Les habitants de l'autoproclamée République turque de Chypre-Nord (RTCN), reconnue uniquement par la Turquie, ont voté dimanche pour élire leur dirigeant lors d'un second tour à l'ombre des tensions en Méditerranée orientale et dont les résultats s'annoncent plus serrés que prévu selon les premiers résultats du Conseil électoral.

Mustafa Akinci, "président" sortant, en froid avec le président turc Recep Tayyip Erdogan, est arrivé deuxième au premier tour avec près de 30% des voix, derrière le nationaliste Ersin Tatar (32%), "Premier ministre" sortant. Le soutien du candidat arrivé troisième le 11 octobre devait apporter une victoire facile à M. Akinci mais, à la surprise générale, les résultats du dépouillement de 413 bureaux sur 738 montraient que les deux adversaires étaient au coude à coude: M. Akinci avec environ 49,03% des voix et M. Tatar 50,97%. La participation était en hausse de trois points une heure avant la fermeture des bureaux.

Quelque 199.000 personnes étaient appelées à voter sur plus de 300.000 habitants.
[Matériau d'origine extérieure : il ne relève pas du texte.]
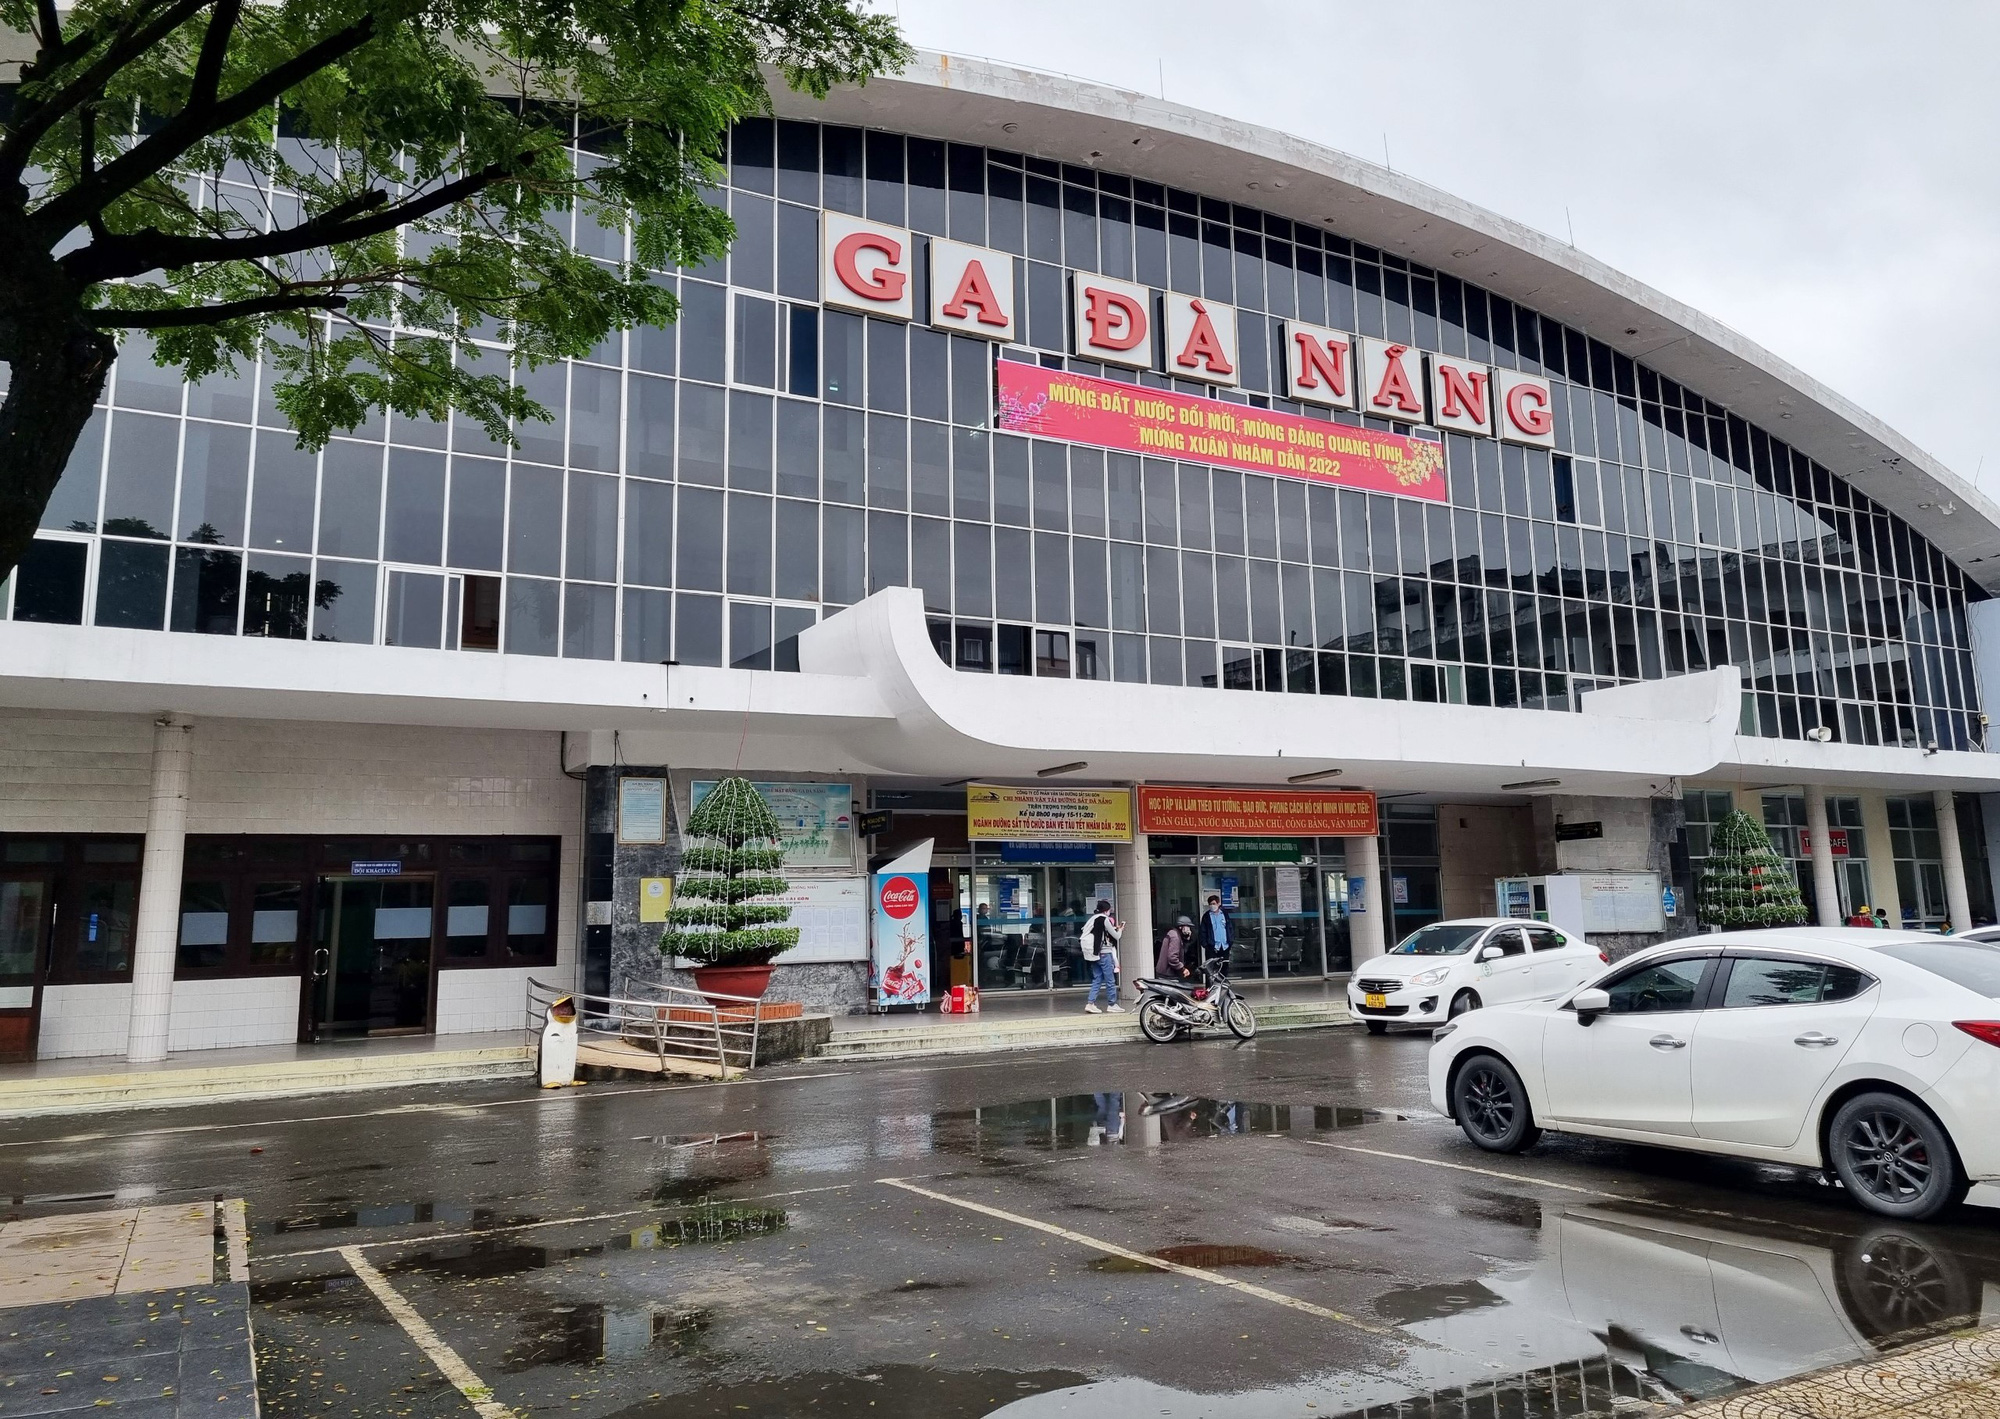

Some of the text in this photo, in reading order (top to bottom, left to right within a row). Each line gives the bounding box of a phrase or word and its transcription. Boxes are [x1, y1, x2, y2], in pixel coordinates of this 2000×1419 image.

[834, 232, 1552, 435] GA ĐÀ NẴNG
[1049, 382, 1097, 409] MỪNG
[1100, 389, 1130, 414] ĐẤT
[1134, 398, 1175, 423] NƯỚC
[1179, 404, 1204, 428] ĐỔI
[1208, 411, 1240, 436] MỚI,
[1244, 418, 1285, 442] MỪNG
[1288, 424, 1325, 449] ĐẢNG
[1328, 435, 1371, 458] QUANG
[1140, 425, 1341, 477] MỪNG XUÂN NHÂM DẦN 2022
[1149, 798, 1161, 812] HỌC
[1162, 796, 1174, 813] TẬP
[1175, 796, 1183, 811] VÀ
[1184, 796, 1197, 811] LÀM
[1198, 800, 1212, 812] THEO
[1213, 798, 1221, 812] TƯ
[1222, 797, 1242, 814] TƯỞNG,
[1243, 801, 1254, 815] ĐẠO
[1256, 799, 1269, 814] ĐỨC,
[1270, 802, 1288, 814] PHONG
[1289, 800, 1304, 814] CÁCH
[1304, 798, 1312, 814] HỒ
[1313, 800, 1322, 814] CHÍ
[1323, 802, 1338, 814] MINH
[1338, 800, 1344, 813] VÌ
[1345, 802, 1356, 816] MỤC
[973, 817, 992, 828] NGÀNH
[993, 817, 1011, 828] ĐƯỜNG
[1012, 817, 1022, 828] SẮT
[1023, 817, 1030, 828] TỔ
[1031, 818, 1045, 829] CHỨC
[1065, 819, 1075, 829] TÀU
[1076, 818, 1086, 829] TẾT
[1086, 820, 1100, 830] NHÂM
[1115, 822, 1126, 831] 2022
[1174, 814, 1196, 828] GIÀU,
[1198, 816, 1220, 827] NƯỚC
[1222, 818, 1247, 829] MẠNH,
[1248, 816, 1264, 828] DÂN
[1266, 816, 1284, 829] CHỦ,
[1286, 817, 1306, 828] CÔNG
[1308, 816, 1330, 829] BẰNG,
[1331, 818, 1346, 828] VĂN
[1830, 838, 1846, 848] CAFE
Les résultats devraient être publiés dans la soirée mais une demande de recompte des voix n'est pas à exclure. Des supporters de M. Tatar, dont le quartier général de campagne surplombe la place où sont diffusés les résultats, ont applaudi à la publication des premiers chiffres.

L'élection se déroule dans un contexte de vives tensions autour de l'exploitation d'hydrocarbures en Méditerranée orientale entre Ankara et Athènes, principale alliée de la République de Chypre --membre de l'Union européenne depuis 2004-- qui exerce son autorité sur les deux tiers sud de l'île.
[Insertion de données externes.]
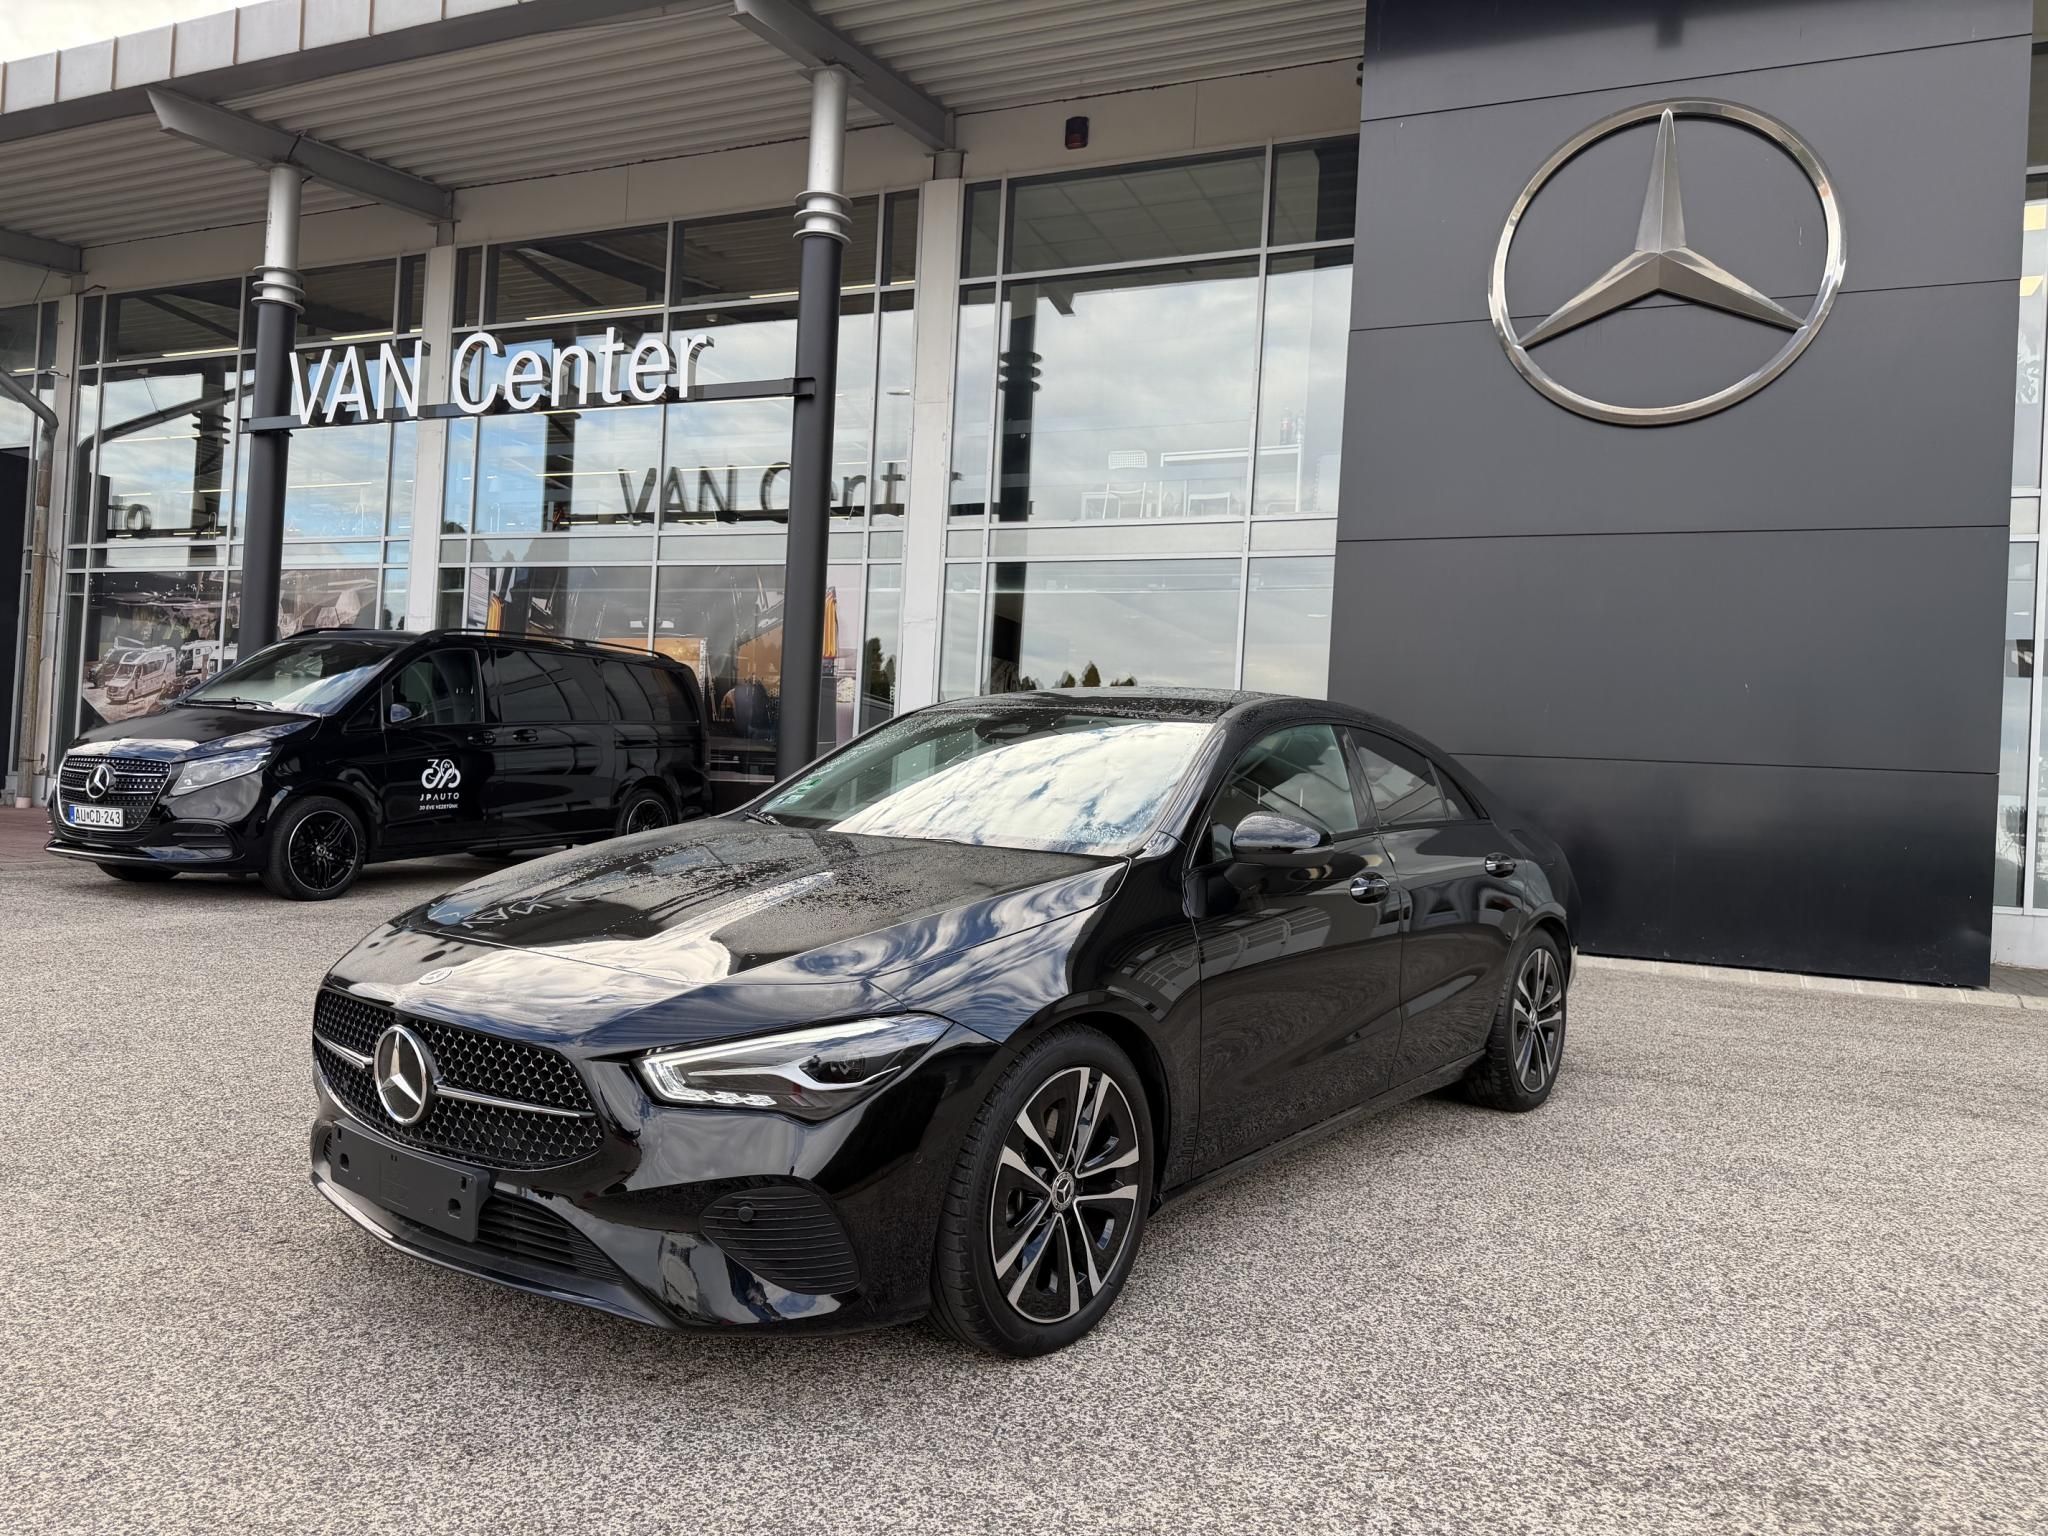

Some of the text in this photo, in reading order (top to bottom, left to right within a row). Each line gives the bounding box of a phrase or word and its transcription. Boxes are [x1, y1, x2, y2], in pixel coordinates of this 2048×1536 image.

[289, 326, 714, 425] VAN Center
[617, 464, 738, 524] VAN
Après des forages réalisés au large de Chypre-Nord, le renvoi cette semaine d'un navire turc d'exploration dans des eaux revendiquées par la Grèce a réveillé la discorde et a entraîné une condamnation par les dirigeants de l'UE des "provocations" de la Turquie. Social-démocrate de 72 ans, M. Akinci défend la réunification de Chypre sous la forme d'un Etat fédéral et n'a jamais caché son intention de desserrer les liens avec Ankara. M. Tatar, 60 ans, défend une solution à deux Etats.

"Dignité"

Après avoir voté, M. Akinci a dit espérer que les Chypriotes-turcs se souviendront de cette élection "comme d'une célébration de la volonté du peuple" tandis que son rival a souligné l'importance d'entretenir de bonnes relations avec la Turquie.

"La bonne solution est la solution fédéraliste", affirme Said Kenan devant un bureau de vote à Nicosie-Nord. Vantant la localisation "stratégique" de l'île, ce cardiologue de 76 ans considère que Chypre pourrait s'en sortir seule grâce aux hydrocarbures qui attirent d'autres pays dans ses eaux.

Considérant la RTCN comme une pièce majeure dans sa stratégie pour défendre ses intérêts en Méditerranée orientale, Ankara suit attentivement l'élection et a multiplié les coups de pouce à M. Tatar.

L'inauguration en grande pompe d'un aqueduc sous-marin entre Chypre-Nord et la Turquie et la réouverture partielle d'une ancienne station balnéaire renommée, abandonnée et bouclée par l'armée turque après la partition de l'île, ont suscité des accusations d'ingérence de la Turquie et ont irrité de nombreux Chypriotes-turcs, M. Akinci en tête. "Les Chypriotes-turcs ne sont pas contents d'être considérés comme dépendants d'un autre", estime Umut Bozkurt, politologue à l'université de la Méditerranée orientale, à Chypre-Nord. Selon elle, les interventions d'Ankara ont transformé le scrutin en un référendum sur leur "dignité" pour beaucoup de Chypriotes-turcs.

"Utiliser leur cerveau"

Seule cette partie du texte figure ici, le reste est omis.